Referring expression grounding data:

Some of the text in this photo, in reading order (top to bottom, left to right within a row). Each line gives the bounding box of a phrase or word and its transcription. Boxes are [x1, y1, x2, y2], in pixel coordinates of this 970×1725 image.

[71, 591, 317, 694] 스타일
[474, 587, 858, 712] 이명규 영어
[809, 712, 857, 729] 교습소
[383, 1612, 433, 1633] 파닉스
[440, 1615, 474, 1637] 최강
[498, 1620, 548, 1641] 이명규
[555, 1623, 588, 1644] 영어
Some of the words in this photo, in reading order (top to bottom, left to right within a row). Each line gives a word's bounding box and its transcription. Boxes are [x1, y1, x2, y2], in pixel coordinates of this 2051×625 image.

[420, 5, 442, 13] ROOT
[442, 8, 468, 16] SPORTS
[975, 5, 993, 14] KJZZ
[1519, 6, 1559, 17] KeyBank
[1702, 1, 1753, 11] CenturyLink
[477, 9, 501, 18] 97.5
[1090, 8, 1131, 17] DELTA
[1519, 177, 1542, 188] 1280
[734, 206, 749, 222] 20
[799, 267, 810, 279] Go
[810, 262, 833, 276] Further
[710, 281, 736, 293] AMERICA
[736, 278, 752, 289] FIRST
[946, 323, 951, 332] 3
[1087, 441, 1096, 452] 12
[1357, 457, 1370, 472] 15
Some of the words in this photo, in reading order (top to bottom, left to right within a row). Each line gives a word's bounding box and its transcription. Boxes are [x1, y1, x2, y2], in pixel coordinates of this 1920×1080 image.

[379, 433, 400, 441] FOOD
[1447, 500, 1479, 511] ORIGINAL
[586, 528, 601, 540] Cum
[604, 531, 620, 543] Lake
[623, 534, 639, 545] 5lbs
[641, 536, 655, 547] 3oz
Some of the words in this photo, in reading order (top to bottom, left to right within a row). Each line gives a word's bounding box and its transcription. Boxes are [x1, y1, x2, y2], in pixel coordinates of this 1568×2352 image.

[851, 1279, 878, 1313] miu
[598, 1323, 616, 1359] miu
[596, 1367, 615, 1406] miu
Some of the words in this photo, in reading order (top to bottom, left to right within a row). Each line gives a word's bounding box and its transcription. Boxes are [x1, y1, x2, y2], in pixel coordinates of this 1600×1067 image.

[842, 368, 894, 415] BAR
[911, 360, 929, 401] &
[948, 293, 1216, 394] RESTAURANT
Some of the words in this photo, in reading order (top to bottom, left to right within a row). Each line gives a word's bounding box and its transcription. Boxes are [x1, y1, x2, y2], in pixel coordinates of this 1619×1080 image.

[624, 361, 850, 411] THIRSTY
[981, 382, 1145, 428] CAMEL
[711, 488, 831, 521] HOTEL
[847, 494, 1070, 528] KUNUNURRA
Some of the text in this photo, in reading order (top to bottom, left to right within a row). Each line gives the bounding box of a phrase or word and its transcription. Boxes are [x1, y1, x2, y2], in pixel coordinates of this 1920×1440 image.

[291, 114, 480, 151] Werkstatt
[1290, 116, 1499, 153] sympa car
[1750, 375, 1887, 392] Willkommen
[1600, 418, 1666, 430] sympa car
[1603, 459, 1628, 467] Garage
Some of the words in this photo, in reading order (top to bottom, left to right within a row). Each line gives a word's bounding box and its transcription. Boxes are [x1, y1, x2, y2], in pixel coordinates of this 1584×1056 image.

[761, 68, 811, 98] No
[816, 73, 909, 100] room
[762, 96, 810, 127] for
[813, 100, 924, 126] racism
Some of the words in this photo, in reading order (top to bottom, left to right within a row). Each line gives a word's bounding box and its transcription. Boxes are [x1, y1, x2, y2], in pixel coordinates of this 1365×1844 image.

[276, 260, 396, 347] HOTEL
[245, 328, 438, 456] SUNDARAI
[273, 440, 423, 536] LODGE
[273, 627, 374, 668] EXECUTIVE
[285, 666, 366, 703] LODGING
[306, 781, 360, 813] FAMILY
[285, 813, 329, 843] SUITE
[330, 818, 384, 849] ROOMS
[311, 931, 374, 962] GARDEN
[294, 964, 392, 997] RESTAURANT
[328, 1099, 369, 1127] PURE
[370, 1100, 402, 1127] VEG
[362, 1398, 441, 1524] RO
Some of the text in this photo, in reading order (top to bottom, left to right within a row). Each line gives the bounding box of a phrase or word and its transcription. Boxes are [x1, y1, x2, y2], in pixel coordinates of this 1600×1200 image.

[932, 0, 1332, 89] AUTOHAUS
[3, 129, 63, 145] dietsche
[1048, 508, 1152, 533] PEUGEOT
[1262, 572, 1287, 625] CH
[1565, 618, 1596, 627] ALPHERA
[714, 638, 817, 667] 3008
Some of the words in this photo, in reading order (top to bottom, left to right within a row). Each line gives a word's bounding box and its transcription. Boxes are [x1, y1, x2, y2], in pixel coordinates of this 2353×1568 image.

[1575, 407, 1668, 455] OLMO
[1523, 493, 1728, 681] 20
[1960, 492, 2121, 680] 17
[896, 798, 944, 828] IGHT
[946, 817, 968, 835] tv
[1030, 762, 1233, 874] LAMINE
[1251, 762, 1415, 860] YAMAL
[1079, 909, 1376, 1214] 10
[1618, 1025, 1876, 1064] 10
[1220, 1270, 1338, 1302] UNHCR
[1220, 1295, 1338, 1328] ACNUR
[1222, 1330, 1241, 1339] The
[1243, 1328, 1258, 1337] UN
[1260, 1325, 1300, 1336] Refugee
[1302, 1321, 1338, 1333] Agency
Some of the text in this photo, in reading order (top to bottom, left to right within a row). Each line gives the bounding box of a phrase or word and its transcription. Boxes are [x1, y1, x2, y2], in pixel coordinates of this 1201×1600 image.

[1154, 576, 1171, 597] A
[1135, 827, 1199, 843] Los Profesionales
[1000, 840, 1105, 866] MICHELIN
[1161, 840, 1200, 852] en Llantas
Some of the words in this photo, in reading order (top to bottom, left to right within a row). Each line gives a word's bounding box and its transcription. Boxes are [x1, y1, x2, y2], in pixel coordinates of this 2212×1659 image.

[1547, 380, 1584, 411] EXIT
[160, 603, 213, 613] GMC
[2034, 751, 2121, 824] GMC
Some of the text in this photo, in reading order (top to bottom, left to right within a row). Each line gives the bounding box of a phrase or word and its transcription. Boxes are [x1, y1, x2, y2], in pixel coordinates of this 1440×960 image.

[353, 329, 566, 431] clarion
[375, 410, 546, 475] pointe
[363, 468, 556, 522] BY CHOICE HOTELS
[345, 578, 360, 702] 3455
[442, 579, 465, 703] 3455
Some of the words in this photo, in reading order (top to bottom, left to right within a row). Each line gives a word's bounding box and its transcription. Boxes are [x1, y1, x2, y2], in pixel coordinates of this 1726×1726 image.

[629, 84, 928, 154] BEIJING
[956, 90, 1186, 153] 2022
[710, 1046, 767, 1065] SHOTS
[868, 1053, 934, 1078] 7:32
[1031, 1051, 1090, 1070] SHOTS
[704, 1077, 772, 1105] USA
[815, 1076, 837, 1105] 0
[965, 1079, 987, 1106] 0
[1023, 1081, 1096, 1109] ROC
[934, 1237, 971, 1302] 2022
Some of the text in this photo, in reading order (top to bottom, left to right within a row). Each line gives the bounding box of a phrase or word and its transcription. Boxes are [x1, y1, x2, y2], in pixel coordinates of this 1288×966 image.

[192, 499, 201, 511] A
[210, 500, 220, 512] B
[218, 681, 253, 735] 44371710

_Try it_
Nothing in the data above may be skipped; repeat it all exactly.

_The answer_
Some of the text in this photo, in reading order (top to bottom, left to right within a row). Each line gives the bounding box of a phrase or word and its transcription. Boxes are [x1, y1, x2, y2], in pixel coordinates of this 970×1725 image.

[71, 591, 317, 694] 스타일
[474, 587, 858, 712] 이명규 영어
[809, 712, 857, 729] 교습소
[383, 1612, 433, 1633] 파닉스
[440, 1615, 474, 1637] 최강
[498, 1620, 548, 1641] 이명규
[555, 1623, 588, 1644] 영어
Some of the words in this photo, in reading order (top to bottom, left to right within a row). Each line gives a word's bounding box and its transcription. Boxes are [x1, y1, x2, y2], in pixel coordinates of this 2051×625 image.

[420, 5, 442, 13] ROOT
[442, 8, 468, 16] SPORTS
[975, 5, 993, 14] KJZZ
[1519, 6, 1559, 17] KeyBank
[1702, 1, 1753, 11] CenturyLink
[477, 9, 501, 18] 97.5
[1090, 8, 1131, 17] DELTA
[1519, 177, 1542, 188] 1280
[734, 206, 749, 222] 20
[799, 267, 810, 279] Go
[810, 262, 833, 276] Further
[710, 281, 736, 293] AMERICA
[736, 278, 752, 289] FIRST
[946, 323, 951, 332] 3
[1087, 441, 1096, 452] 12
[1357, 457, 1370, 472] 15
Some of the words in this photo, in reading order (top to bottom, left to right within a row). Each line gives a word's bounding box and its transcription. Boxes are [x1, y1, x2, y2], in pixel coordinates of this 1920×1080 image.

[379, 433, 400, 441] FOOD
[1447, 500, 1479, 511] ORIGINAL
[586, 528, 601, 540] Cum
[604, 531, 620, 543] Lake
[623, 534, 639, 545] 5lbs
[641, 536, 655, 547] 3oz
Some of the words in this photo, in reading order (top to bottom, left to right within a row). Each line gives a word's bounding box and its transcription. Boxes are [x1, y1, x2, y2], in pixel coordinates of this 1568×2352 image.

[851, 1279, 878, 1313] miu
[598, 1323, 616, 1359] miu
[596, 1367, 615, 1406] miu
Some of the words in this photo, in reading order (top to bottom, left to right within a row). Each line gives a word's bounding box and its transcription. Boxes are [x1, y1, x2, y2], in pixel coordinates of this 1600×1067 image.

[842, 368, 894, 415] BAR
[911, 360, 929, 401] &
[948, 293, 1216, 394] RESTAURANT
Some of the words in this photo, in reading order (top to bottom, left to right within a row). Each line gives a word's bounding box and its transcription. Boxes are [x1, y1, x2, y2], in pixel coordinates of this 1619×1080 image.

[624, 361, 850, 411] THIRSTY
[981, 382, 1145, 428] CAMEL
[711, 488, 831, 521] HOTEL
[847, 494, 1070, 528] KUNUNURRA
Some of the text in this photo, in reading order (top to bottom, left to right within a row). Each line gives the bounding box of a phrase or word and its transcription. Boxes are [x1, y1, x2, y2], in pixel coordinates of this 1920×1440 image.

[291, 114, 480, 151] Werkstatt
[1290, 116, 1499, 153] sympa car
[1750, 375, 1887, 392] Willkommen
[1600, 418, 1666, 430] sympa car
[1603, 459, 1628, 467] Garage
Some of the words in this photo, in reading order (top to bottom, left to right within a row). Each line gives a word's bounding box and its transcription. Boxes are [x1, y1, x2, y2], in pixel coordinates of this 1584×1056 image.

[761, 68, 811, 98] No
[816, 73, 909, 100] room
[762, 96, 810, 127] for
[813, 100, 924, 126] racism
Some of the words in this photo, in reading order (top to bottom, left to right within a row). Each line gives a word's bounding box and its transcription. Boxes are [x1, y1, x2, y2], in pixel coordinates of this 1365×1844 image.

[276, 260, 396, 347] HOTEL
[245, 328, 438, 456] SUNDARAI
[273, 440, 423, 536] LODGE
[273, 627, 374, 668] EXECUTIVE
[285, 666, 366, 703] LODGING
[306, 781, 360, 813] FAMILY
[285, 813, 329, 843] SUITE
[330, 818, 384, 849] ROOMS
[311, 931, 374, 962] GARDEN
[294, 964, 392, 997] RESTAURANT
[328, 1099, 369, 1127] PURE
[370, 1100, 402, 1127] VEG
[362, 1398, 441, 1524] RO
Some of the text in this photo, in reading order (top to bottom, left to right within a row). Each line gives the bounding box of a phrase or word and its transcription. Boxes are [x1, y1, x2, y2], in pixel coordinates of this 1600×1200 image.

[932, 0, 1332, 89] AUTOHAUS
[3, 129, 63, 145] dietsche
[1048, 508, 1152, 533] PEUGEOT
[1262, 572, 1287, 625] CH
[1565, 618, 1596, 627] ALPHERA
[714, 638, 817, 667] 3008
Some of the words in this photo, in reading order (top to bottom, left to right within a row). Each line gives a word's bounding box and its transcription. Boxes are [x1, y1, x2, y2], in pixel coordinates of this 2353×1568 image.

[1575, 407, 1668, 455] OLMO
[1523, 493, 1728, 681] 20
[1960, 492, 2121, 680] 17
[896, 798, 944, 828] IGHT
[946, 817, 968, 835] tv
[1030, 762, 1233, 874] LAMINE
[1251, 762, 1415, 860] YAMAL
[1079, 909, 1376, 1214] 10
[1618, 1025, 1876, 1064] 10
[1220, 1270, 1338, 1302] UNHCR
[1220, 1295, 1338, 1328] ACNUR
[1222, 1330, 1241, 1339] The
[1243, 1328, 1258, 1337] UN
[1260, 1325, 1300, 1336] Refugee
[1302, 1321, 1338, 1333] Agency
Some of the text in this photo, in reading order (top to bottom, left to right within a row). Each line gives the bounding box of a phrase or word and its transcription. Boxes are [x1, y1, x2, y2], in pixel coordinates of this 1201×1600 image.

[1154, 576, 1171, 597] A
[1135, 827, 1199, 843] Los Profesionales
[1000, 840, 1105, 866] MICHELIN
[1161, 840, 1200, 852] en Llantas
Some of the words in this photo, in reading order (top to bottom, left to right within a row). Each line gives a word's bounding box and its transcription. Boxes are [x1, y1, x2, y2], in pixel coordinates of this 2212×1659 image.

[1547, 380, 1584, 411] EXIT
[160, 603, 213, 613] GMC
[2034, 751, 2121, 824] GMC
Some of the text in this photo, in reading order (top to bottom, left to right within a row). Each line gives the bounding box of a phrase or word and its transcription. Boxes are [x1, y1, x2, y2], in pixel coordinates of this 1440×960 image.

[353, 329, 566, 431] clarion
[375, 410, 546, 475] pointe
[363, 468, 556, 522] BY CHOICE HOTELS
[345, 578, 360, 702] 3455
[442, 579, 465, 703] 3455
Some of the words in this photo, in reading order (top to bottom, left to right within a row). Each line gives a word's bounding box and its transcription. Boxes are [x1, y1, x2, y2], in pixel coordinates of this 1726×1726 image.

[629, 84, 928, 154] BEIJING
[956, 90, 1186, 153] 2022
[710, 1046, 767, 1065] SHOTS
[868, 1053, 934, 1078] 7:32
[1031, 1051, 1090, 1070] SHOTS
[704, 1077, 772, 1105] USA
[815, 1076, 837, 1105] 0
[965, 1079, 987, 1106] 0
[1023, 1081, 1096, 1109] ROC
[934, 1237, 971, 1302] 2022
Some of the text in this photo, in reading order (top to bottom, left to right within a row). Each line gives the bounding box of a phrase or word and its transcription. Boxes are [x1, y1, x2, y2], in pixel coordinates of this 1288×966 image.

[192, 499, 201, 511] A
[210, 500, 220, 512] B
[218, 681, 253, 735] 44371710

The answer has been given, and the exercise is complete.